### TRY IT
Set down the entries that follow exactly as written, leaving out any images.

(DATASET CONTENT)

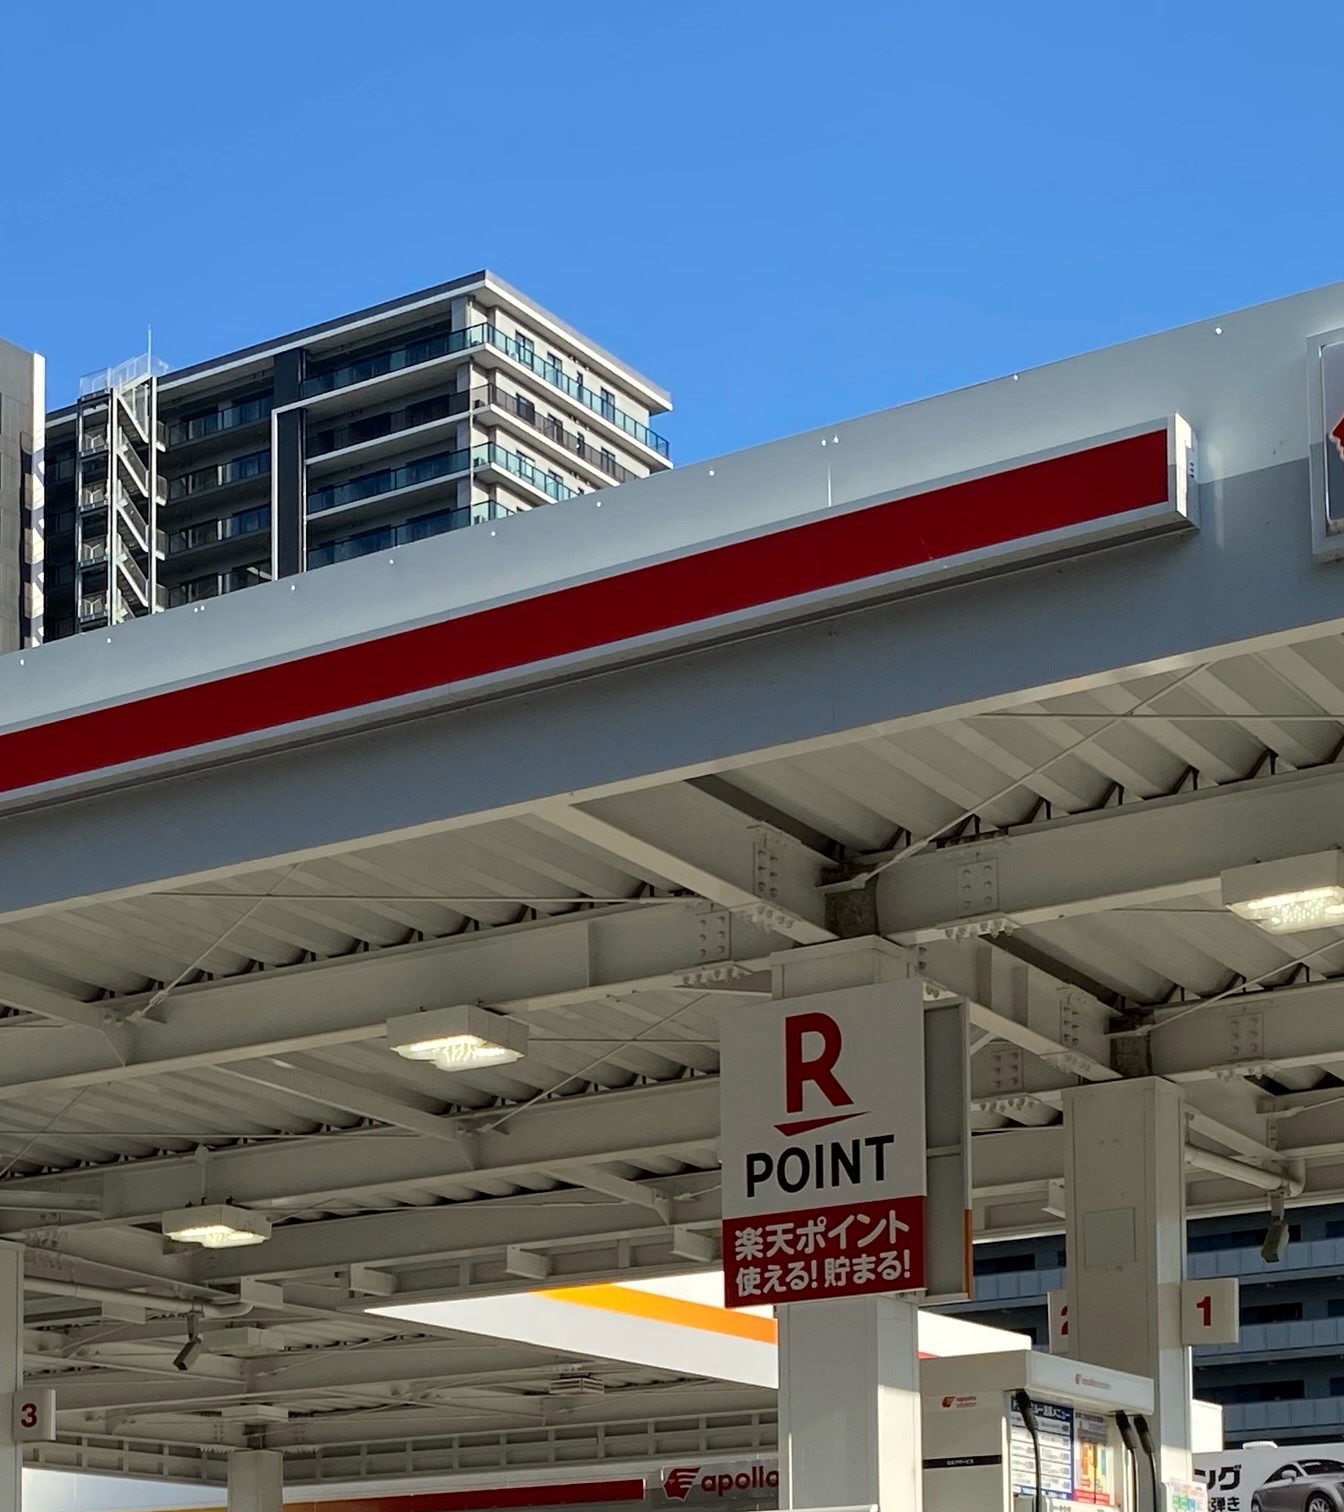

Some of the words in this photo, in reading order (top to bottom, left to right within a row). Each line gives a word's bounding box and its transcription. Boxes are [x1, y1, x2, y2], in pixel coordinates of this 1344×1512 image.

[785, 1012, 854, 1114] R
[745, 1134, 895, 1198] POINT
[734, 1209, 909, 1262] 楽天ポイント
[1196, 1296, 1212, 1326] 1
[21, 1403, 37, 1428] 3

(End DATASET CONTENT)

### OUTPUT FOR THIS TASK
Some of the words in this photo, in reading order (top to bottom, left to right within a row). Each line gives a word's bounding box and its transcription. Boxes are [x1, y1, x2, y2], in pixel coordinates of this 1344×1512 image.

[785, 1012, 854, 1114] R
[745, 1134, 895, 1198] POINT
[734, 1209, 909, 1262] 楽天ポイント
[1196, 1296, 1212, 1326] 1
[21, 1403, 37, 1428] 3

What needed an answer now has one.